(Saved data entries)
BEGIN

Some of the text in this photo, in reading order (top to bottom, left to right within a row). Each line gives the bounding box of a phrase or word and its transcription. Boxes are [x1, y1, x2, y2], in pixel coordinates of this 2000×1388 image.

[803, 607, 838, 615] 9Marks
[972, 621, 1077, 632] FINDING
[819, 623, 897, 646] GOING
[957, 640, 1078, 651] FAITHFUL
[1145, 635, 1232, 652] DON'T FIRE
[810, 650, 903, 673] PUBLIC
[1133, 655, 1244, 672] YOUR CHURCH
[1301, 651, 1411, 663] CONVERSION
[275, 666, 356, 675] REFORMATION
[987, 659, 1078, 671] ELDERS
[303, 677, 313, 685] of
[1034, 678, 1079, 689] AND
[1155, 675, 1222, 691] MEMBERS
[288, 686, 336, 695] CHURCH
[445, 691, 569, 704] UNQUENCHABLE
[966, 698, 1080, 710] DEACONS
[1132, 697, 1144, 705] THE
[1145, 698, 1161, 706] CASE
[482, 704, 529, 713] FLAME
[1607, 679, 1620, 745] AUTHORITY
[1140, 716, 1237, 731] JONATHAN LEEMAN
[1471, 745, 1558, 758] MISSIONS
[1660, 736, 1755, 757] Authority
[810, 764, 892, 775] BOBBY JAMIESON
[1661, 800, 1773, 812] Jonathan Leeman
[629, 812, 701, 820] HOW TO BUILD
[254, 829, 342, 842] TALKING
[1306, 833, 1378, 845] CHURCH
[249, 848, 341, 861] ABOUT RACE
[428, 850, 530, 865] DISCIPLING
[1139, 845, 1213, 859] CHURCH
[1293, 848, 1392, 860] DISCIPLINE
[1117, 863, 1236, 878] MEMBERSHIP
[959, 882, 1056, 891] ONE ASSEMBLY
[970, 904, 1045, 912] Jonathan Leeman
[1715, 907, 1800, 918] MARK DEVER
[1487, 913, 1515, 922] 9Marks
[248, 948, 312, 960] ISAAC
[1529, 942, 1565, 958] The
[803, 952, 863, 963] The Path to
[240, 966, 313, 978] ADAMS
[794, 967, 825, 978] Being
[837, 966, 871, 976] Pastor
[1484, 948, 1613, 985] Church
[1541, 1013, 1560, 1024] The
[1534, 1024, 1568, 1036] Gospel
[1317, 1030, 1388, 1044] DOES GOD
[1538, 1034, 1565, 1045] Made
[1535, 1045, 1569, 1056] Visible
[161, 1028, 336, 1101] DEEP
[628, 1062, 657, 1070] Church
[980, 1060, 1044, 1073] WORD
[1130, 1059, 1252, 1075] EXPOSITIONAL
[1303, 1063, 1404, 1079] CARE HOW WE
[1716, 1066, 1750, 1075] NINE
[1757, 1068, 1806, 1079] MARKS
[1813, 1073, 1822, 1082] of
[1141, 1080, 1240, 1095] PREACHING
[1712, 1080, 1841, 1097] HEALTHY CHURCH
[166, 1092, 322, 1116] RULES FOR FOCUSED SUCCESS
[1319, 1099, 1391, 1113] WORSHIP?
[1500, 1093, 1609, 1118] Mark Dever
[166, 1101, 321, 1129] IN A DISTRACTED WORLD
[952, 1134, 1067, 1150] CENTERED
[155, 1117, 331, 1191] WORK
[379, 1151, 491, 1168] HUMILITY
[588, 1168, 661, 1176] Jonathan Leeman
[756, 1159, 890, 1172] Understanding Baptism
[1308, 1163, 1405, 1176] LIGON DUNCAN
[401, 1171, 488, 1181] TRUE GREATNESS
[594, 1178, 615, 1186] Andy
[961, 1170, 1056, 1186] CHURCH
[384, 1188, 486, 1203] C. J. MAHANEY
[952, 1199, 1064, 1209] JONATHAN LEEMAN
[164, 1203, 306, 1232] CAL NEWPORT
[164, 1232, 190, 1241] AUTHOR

END

Work request -
The answer must be an exact copy of every record above.

Output for this task -
Some of the text in this photo, in reading order (top to bottom, left to right within a row). Each line gives the bounding box of a phrase or word and its transcription. Boxes are [x1, y1, x2, y2], in pixel coordinates of this 2000×1388 image.

[803, 607, 838, 615] 9Marks
[972, 621, 1077, 632] FINDING
[819, 623, 897, 646] GOING
[957, 640, 1078, 651] FAITHFUL
[1145, 635, 1232, 652] DON'T FIRE
[810, 650, 903, 673] PUBLIC
[1133, 655, 1244, 672] YOUR CHURCH
[1301, 651, 1411, 663] CONVERSION
[275, 666, 356, 675] REFORMATION
[987, 659, 1078, 671] ELDERS
[303, 677, 313, 685] of
[1034, 678, 1079, 689] AND
[1155, 675, 1222, 691] MEMBERS
[288, 686, 336, 695] CHURCH
[445, 691, 569, 704] UNQUENCHABLE
[966, 698, 1080, 710] DEACONS
[1132, 697, 1144, 705] THE
[1145, 698, 1161, 706] CASE
[482, 704, 529, 713] FLAME
[1607, 679, 1620, 745] AUTHORITY
[1140, 716, 1237, 731] JONATHAN LEEMAN
[1471, 745, 1558, 758] MISSIONS
[1660, 736, 1755, 757] Authority
[810, 764, 892, 775] BOBBY JAMIESON
[1661, 800, 1773, 812] Jonathan Leeman
[629, 812, 701, 820] HOW TO BUILD
[254, 829, 342, 842] TALKING
[1306, 833, 1378, 845] CHURCH
[249, 848, 341, 861] ABOUT RACE
[428, 850, 530, 865] DISCIPLING
[1139, 845, 1213, 859] CHURCH
[1293, 848, 1392, 860] DISCIPLINE
[1117, 863, 1236, 878] MEMBERSHIP
[959, 882, 1056, 891] ONE ASSEMBLY
[970, 904, 1045, 912] Jonathan Leeman
[1715, 907, 1800, 918] MARK DEVER
[1487, 913, 1515, 922] 9Marks
[248, 948, 312, 960] ISAAC
[1529, 942, 1565, 958] The
[803, 952, 863, 963] The Path to
[240, 966, 313, 978] ADAMS
[794, 967, 825, 978] Being
[837, 966, 871, 976] Pastor
[1484, 948, 1613, 985] Church
[1541, 1013, 1560, 1024] The
[1534, 1024, 1568, 1036] Gospel
[1317, 1030, 1388, 1044] DOES GOD
[1538, 1034, 1565, 1045] Made
[1535, 1045, 1569, 1056] Visible
[161, 1028, 336, 1101] DEEP
[628, 1062, 657, 1070] Church
[980, 1060, 1044, 1073] WORD
[1130, 1059, 1252, 1075] EXPOSITIONAL
[1303, 1063, 1404, 1079] CARE HOW WE
[1716, 1066, 1750, 1075] NINE
[1757, 1068, 1806, 1079] MARKS
[1813, 1073, 1822, 1082] of
[1141, 1080, 1240, 1095] PREACHING
[1712, 1080, 1841, 1097] HEALTHY CHURCH
[166, 1092, 322, 1116] RULES FOR FOCUSED SUCCESS
[1319, 1099, 1391, 1113] WORSHIP?
[1500, 1093, 1609, 1118] Mark Dever
[166, 1101, 321, 1129] IN A DISTRACTED WORLD
[952, 1134, 1067, 1150] CENTERED
[155, 1117, 331, 1191] WORK
[379, 1151, 491, 1168] HUMILITY
[588, 1168, 661, 1176] Jonathan Leeman
[756, 1159, 890, 1172] Understanding Baptism
[1308, 1163, 1405, 1176] LIGON DUNCAN
[401, 1171, 488, 1181] TRUE GREATNESS
[594, 1178, 615, 1186] Andy
[961, 1170, 1056, 1186] CHURCH
[384, 1188, 486, 1203] C. J. MAHANEY
[952, 1199, 1064, 1209] JONATHAN LEEMAN
[164, 1203, 306, 1232] CAL NEWPORT
[164, 1232, 190, 1241] AUTHOR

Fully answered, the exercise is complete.